The poll by Miami-based Bendixen & Amandi International and The Tarrance Group shows Clinton drawing 53 percent among Florida Hispanics, compared to Trump’s 29 percent. That’s a significant 24-point lead. But Obama hit 60 percent among Latinos in 2012, according to exit polls. He defeated Mitt Romney in Florida by a single percentage point.

“She should not only be where Obama is — she should be beating those numbers, and she’s not,” pollster Fernand Amandi told the Miami Herald. He conducted the survey for Univision and The Washington Post from Aug. 24-Sept. 3. Hispanics make up 15.4 percent of Florida voters…

Among Hispanics, Clinton is also underperforming compared to Obama in three other heavily Hispanic swing states polled: Arizona, Colorado and Nevada. But she holds even wider leads over Trump in those states. Compare her 24 percent margin in Florida with 50 percent in Arizona, 45 percent in Colorado and 46 percent in Nevada.

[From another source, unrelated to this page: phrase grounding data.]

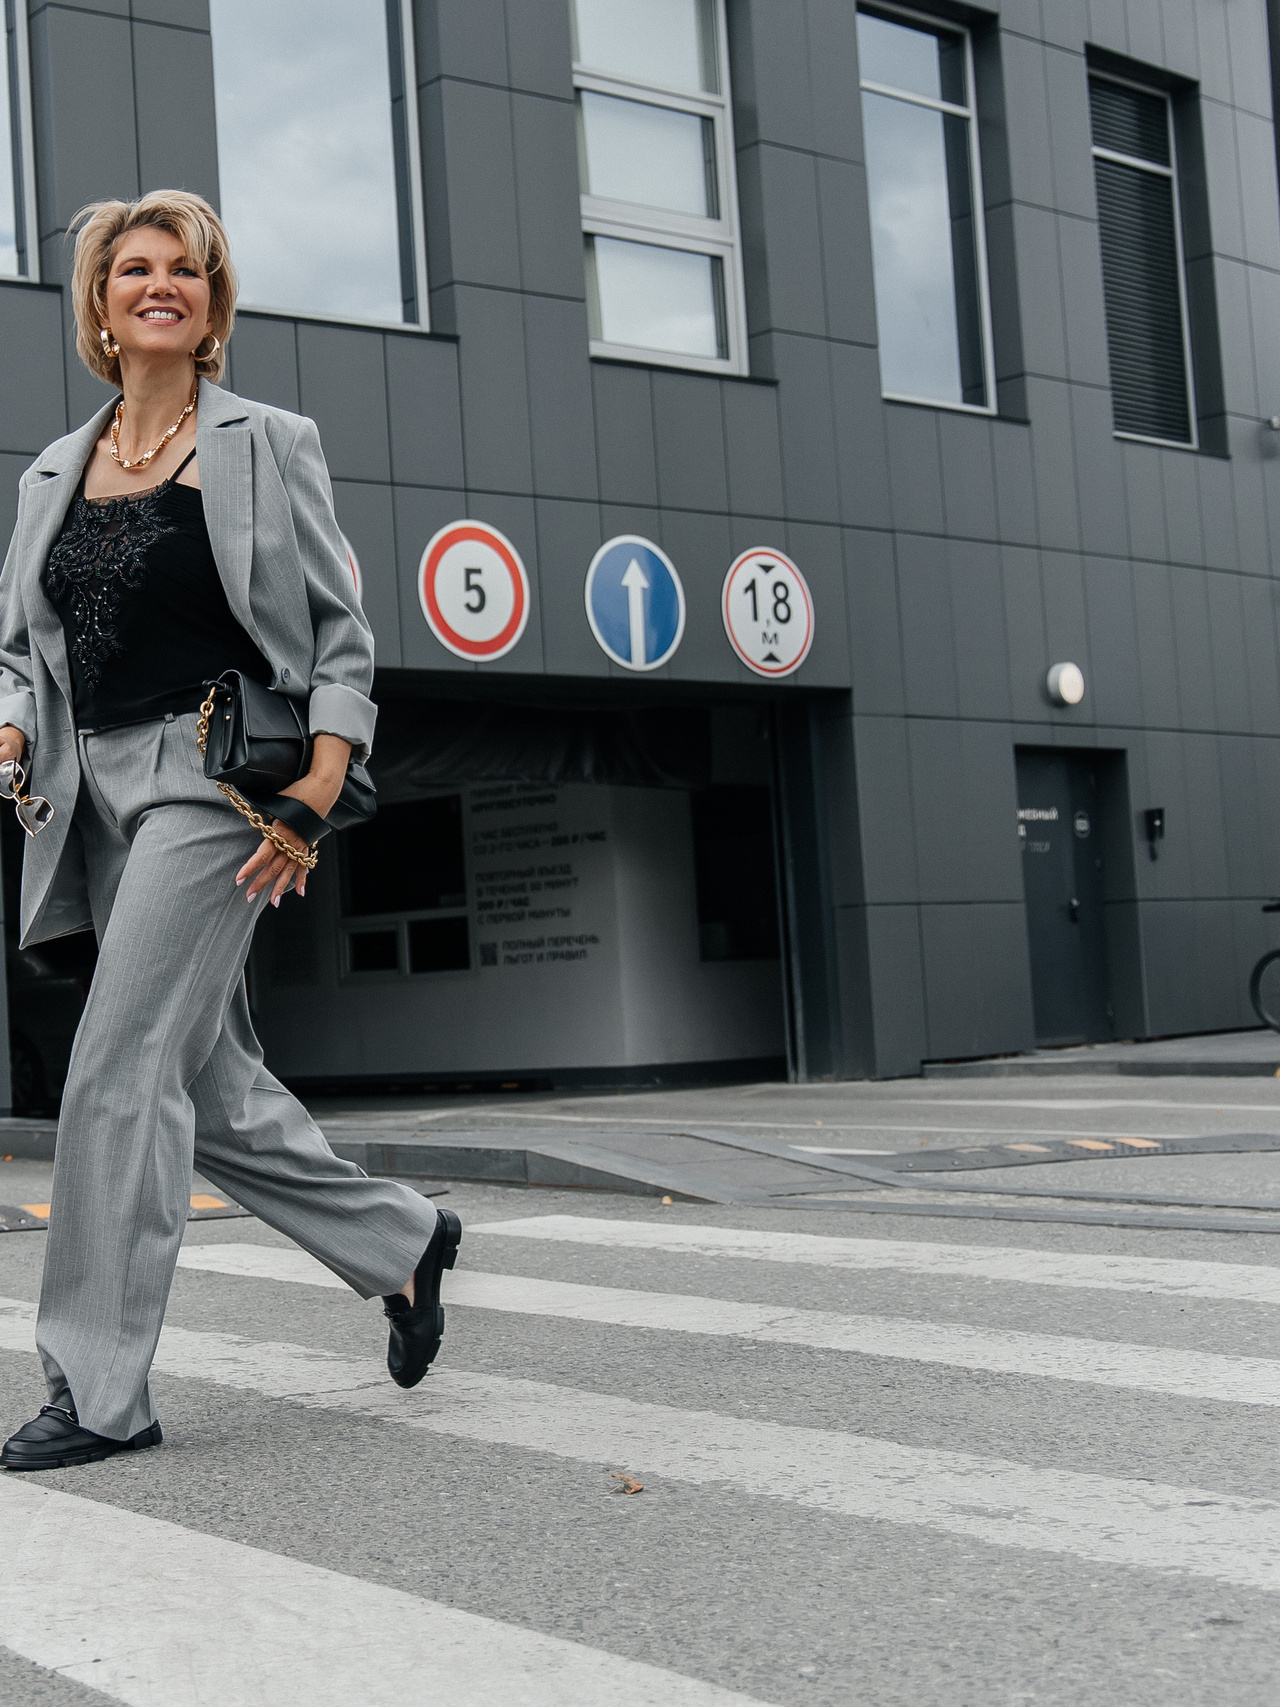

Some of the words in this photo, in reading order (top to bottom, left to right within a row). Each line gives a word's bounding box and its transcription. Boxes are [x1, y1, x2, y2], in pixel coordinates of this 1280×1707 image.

[464, 568, 486, 614] 5
[502, 936, 545, 950] ПОЛНЫЙ
[547, 934, 599, 947] ПЕРЕЧЕНЬ
[503, 953, 533, 966] ЛЬГОТ
[536, 952, 544, 963] И
[546, 948, 587, 962] ПРАВИЛ
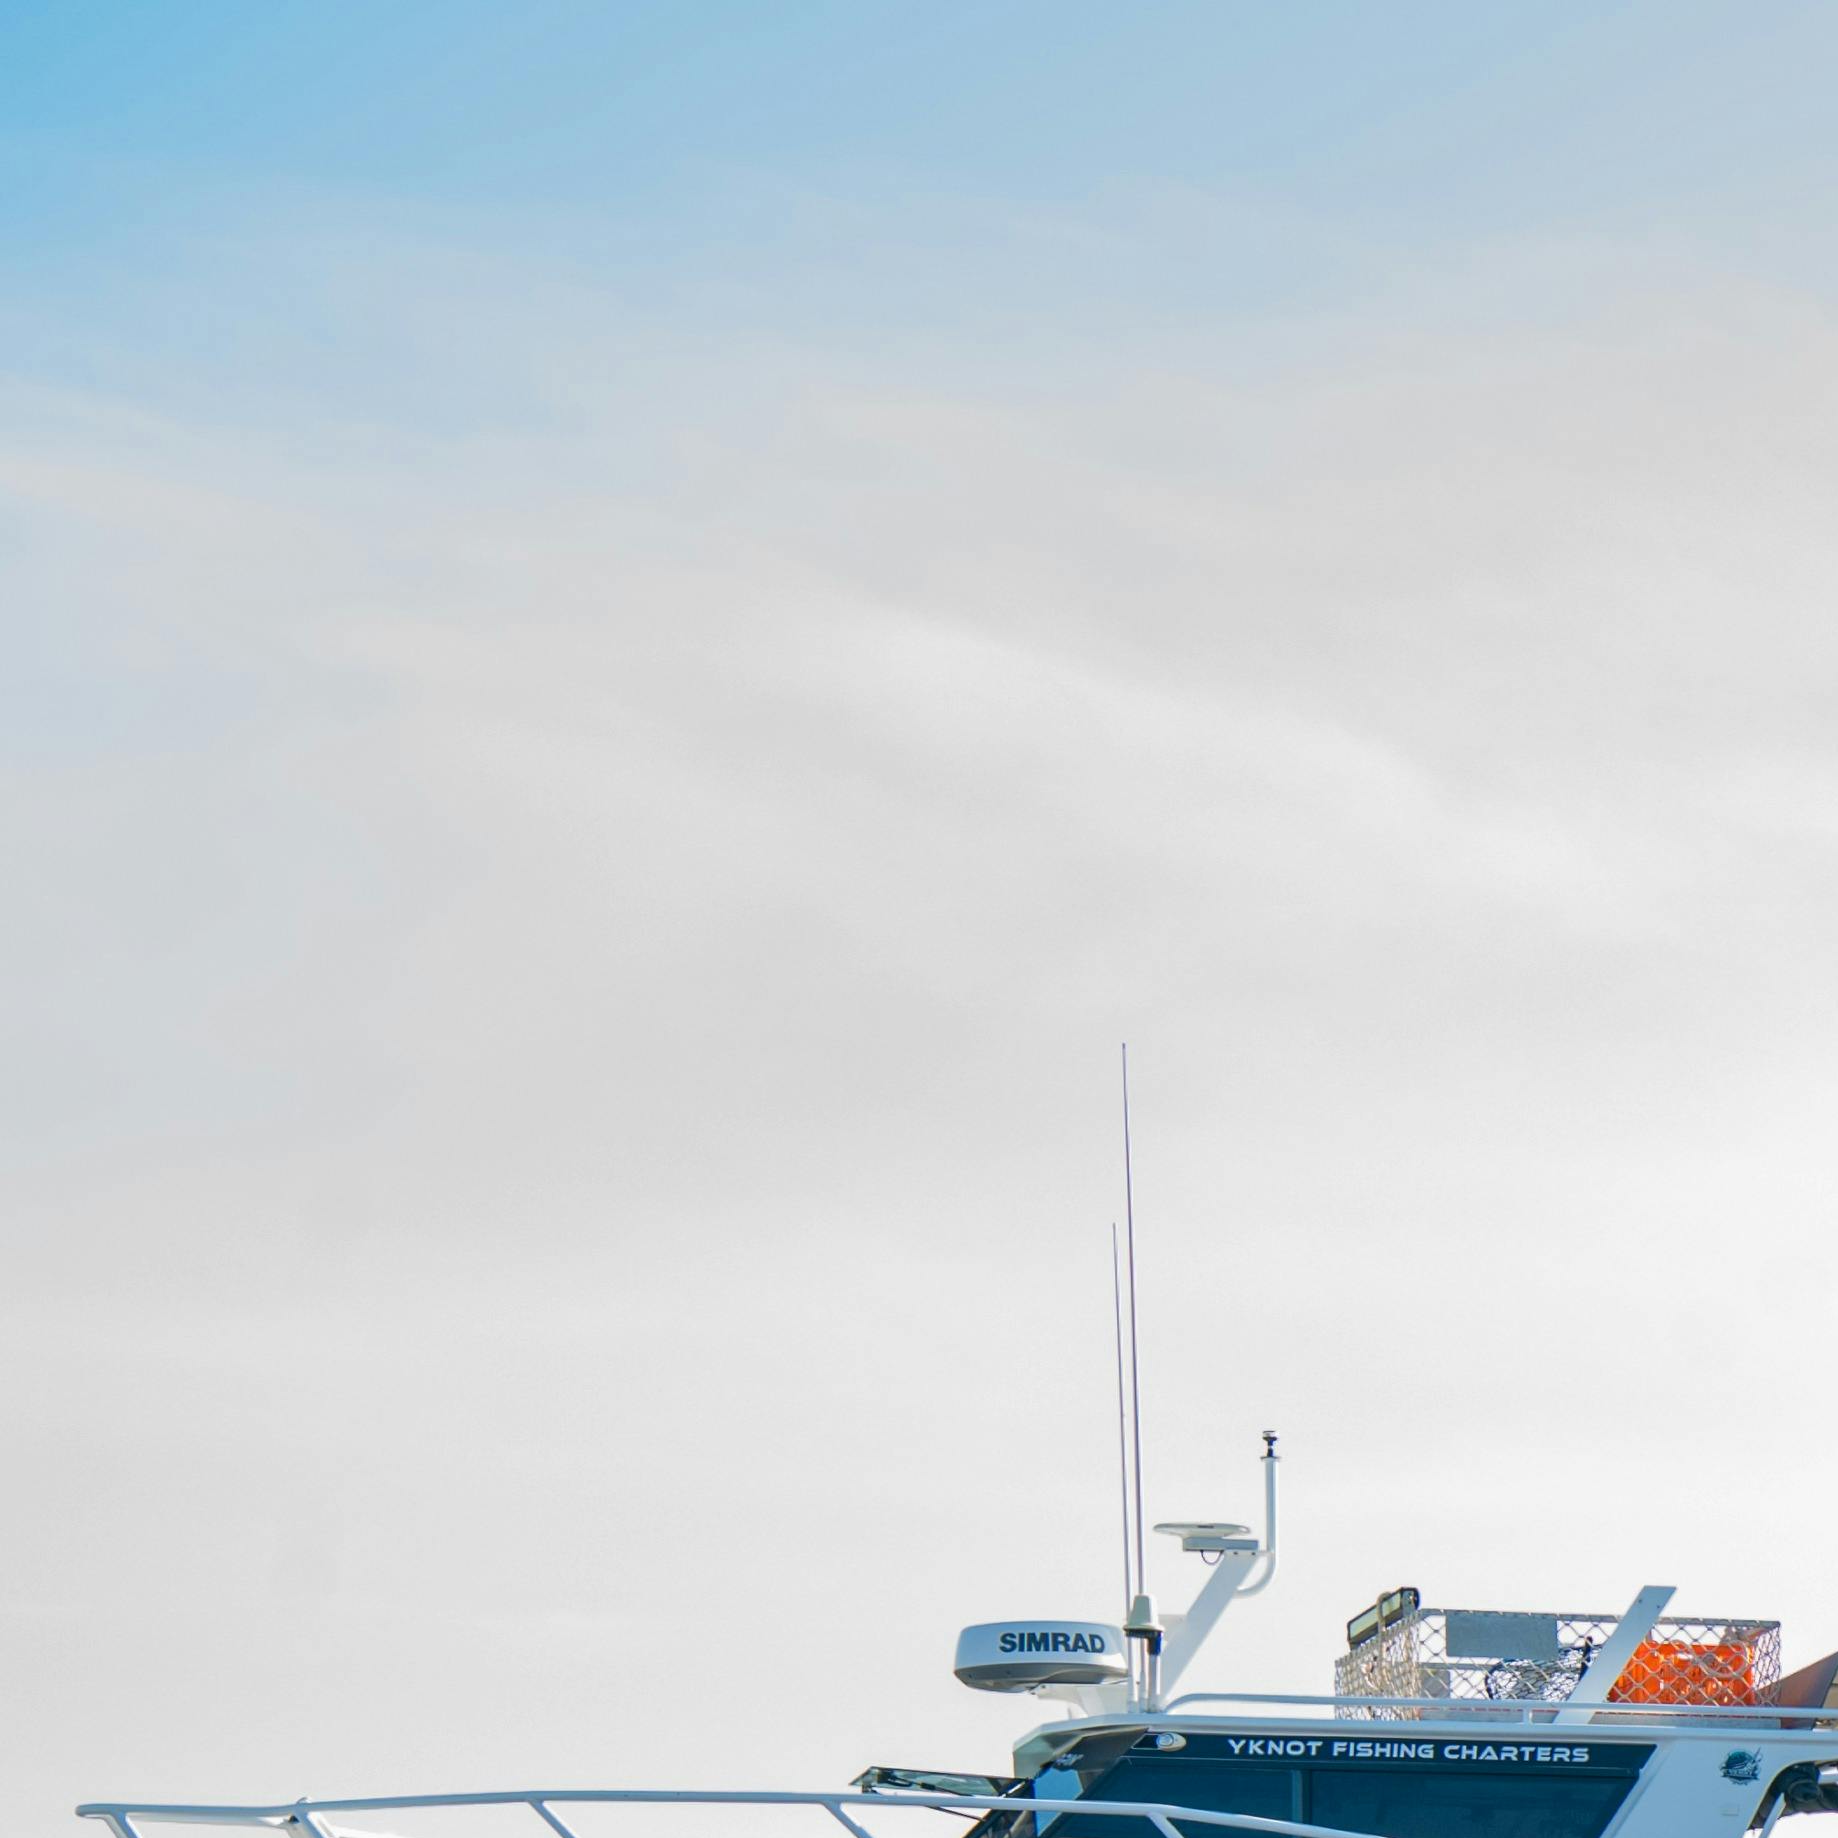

Trump is also underperforming Romney’s share of Latinos in Florida in this poll, but in other polls across the country he frequently cracks 20 percent of the Hispanic vote. Romney pulled 27 percent nationally in 2012. For all of the sound and fury over Trump’s immigration policies this year, he might end up doing no worse than Mitt did. And Hillary Clinton, I thought, might be stronger with Latinos than Obama was even without the help she’s getting from Trump in appealing to them. She often clobbered Obama among that group in the Democratic primaries in 2008. But, for the moment, she’s not even keeping pace with O’s general-election numbers among Latinos. She’s just too flawed of a candidate, it seems, to get that group of voters really excited about her, even with Trump as a foil.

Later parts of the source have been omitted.